**WHAT YOU NEED TO DO:**
Every record is to be printed exactly as written, and any picture in it is skipped.

(Extracted records)
***
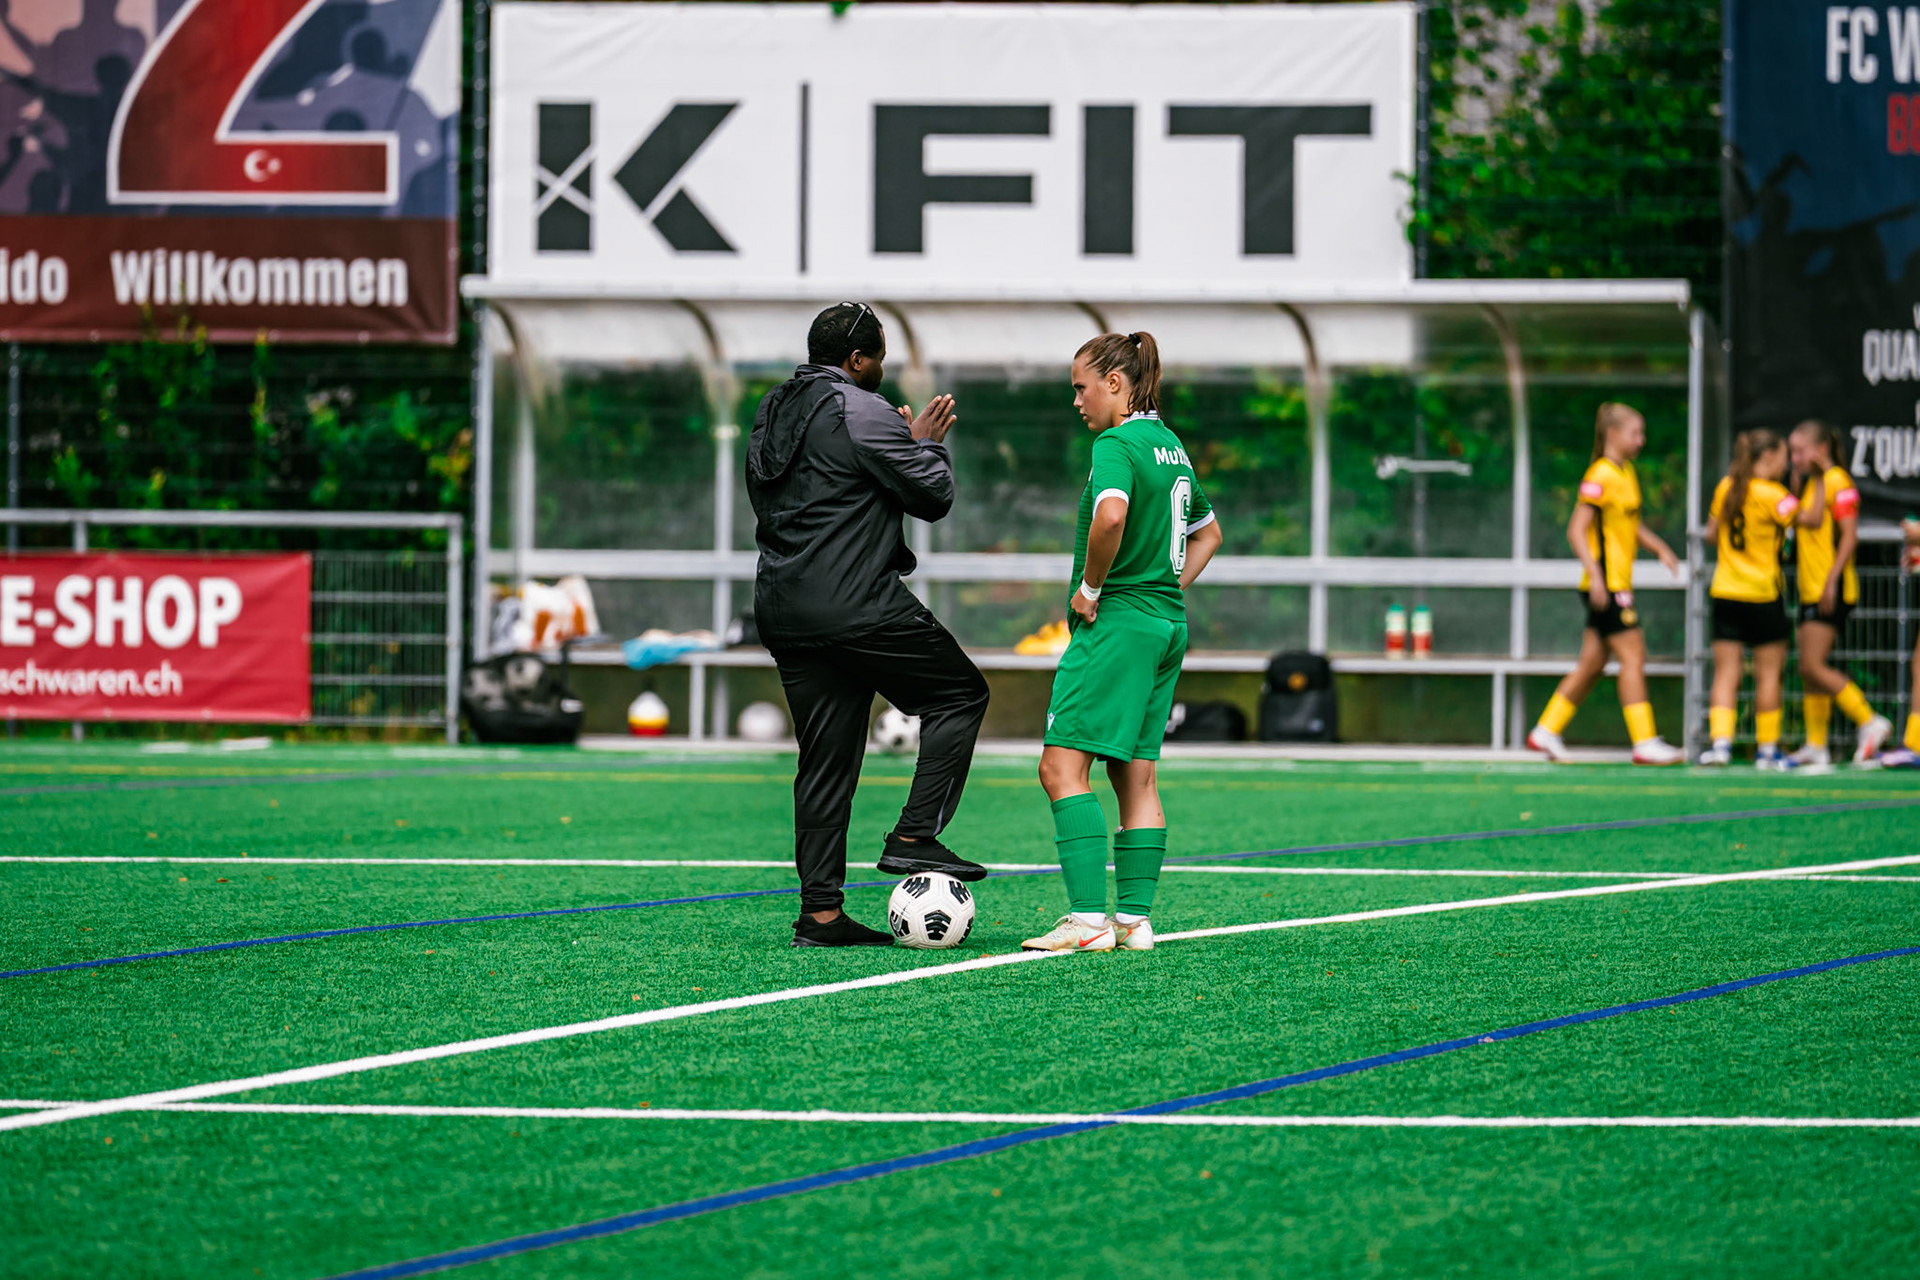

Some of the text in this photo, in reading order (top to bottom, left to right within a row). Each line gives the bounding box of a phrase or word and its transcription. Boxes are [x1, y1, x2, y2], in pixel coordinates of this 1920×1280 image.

[1826, 6, 1879, 83] FC
[872, 102, 1373, 257] FIT
[110, 248, 409, 306] Willkommen
[1170, 476, 1191, 575] 6
[1, 575, 243, 649] E-SHOP
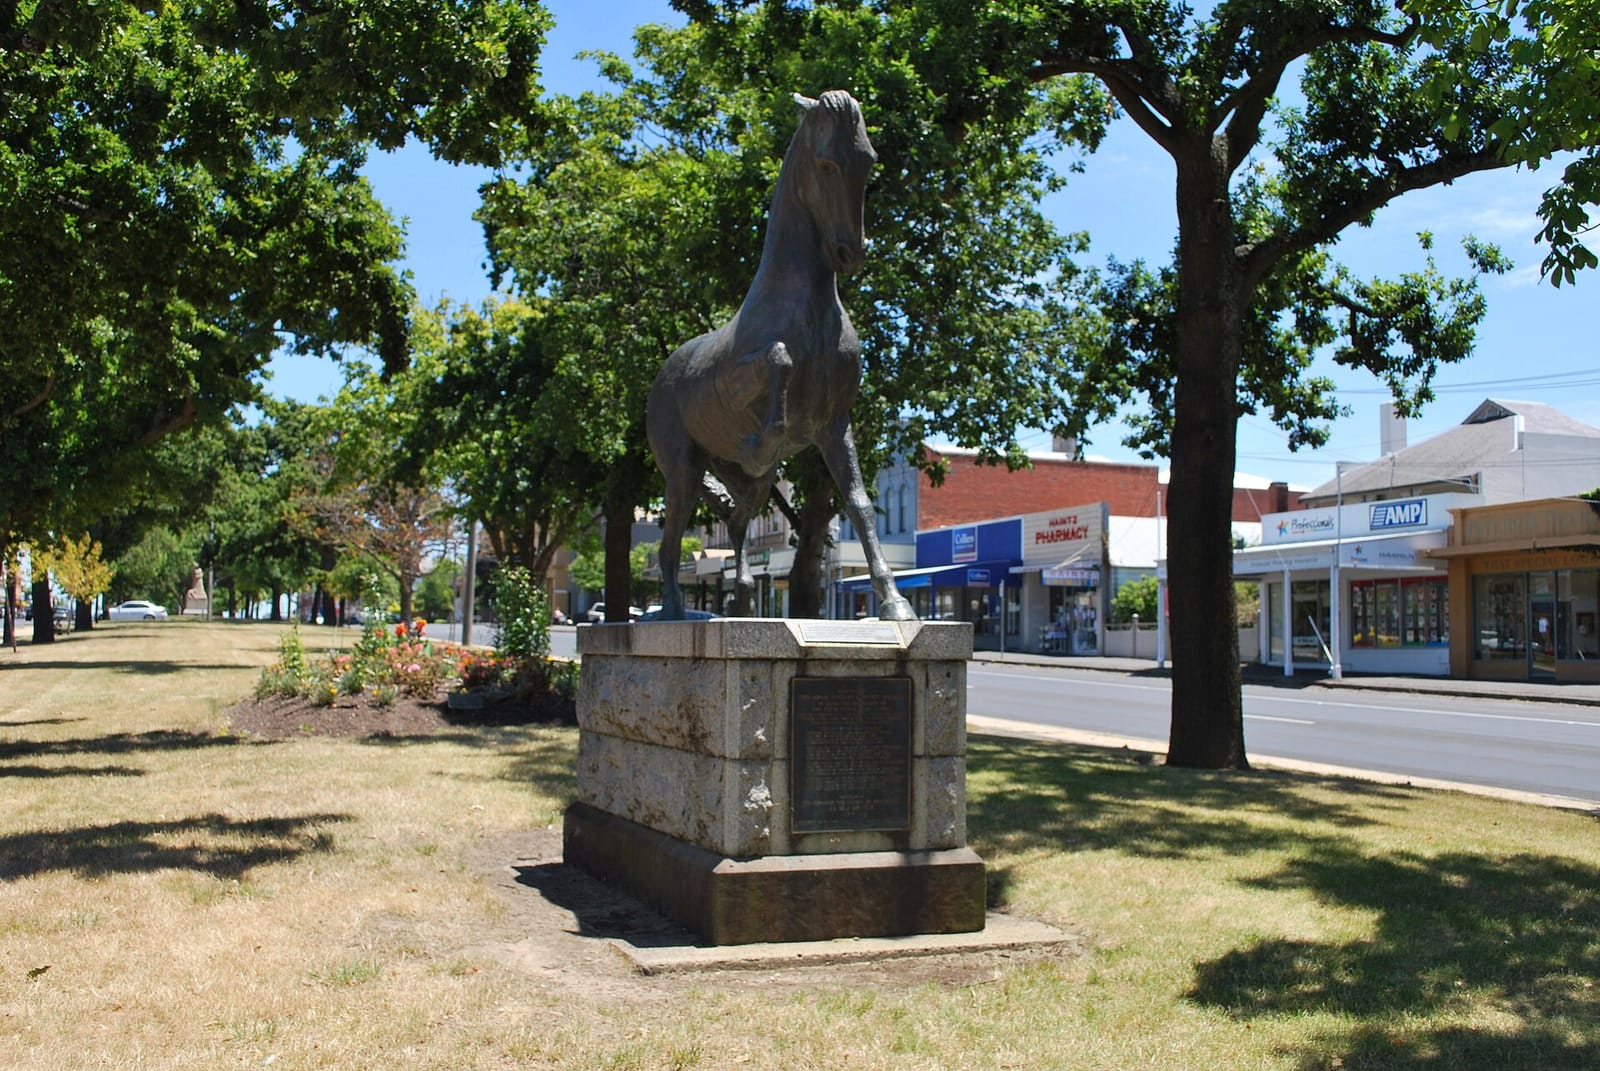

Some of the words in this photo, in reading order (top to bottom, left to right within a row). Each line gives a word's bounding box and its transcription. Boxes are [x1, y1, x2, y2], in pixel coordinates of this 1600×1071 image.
***
**TASK SOLUTION:**
Some of the text in this photo, in reading order (top to bottom, left to right within a row). Each line gives the bounding box of a phrase or word and its transcription. Boxes are [x1, y1, x2, y2], in pixel coordinates of this 1920×1280 image.

[1826, 6, 1879, 83] FC
[872, 102, 1373, 257] FIT
[110, 248, 409, 306] Willkommen
[1170, 476, 1191, 575] 6
[1, 575, 243, 649] E-SHOP

Some of the words in this photo, in reading order (top to bottom, left to right within a row). Each line gives a word's bounding box and its transcription. Boxes are [x1, y1, x2, y2], in pixel coordinates of this 1600×1071 image.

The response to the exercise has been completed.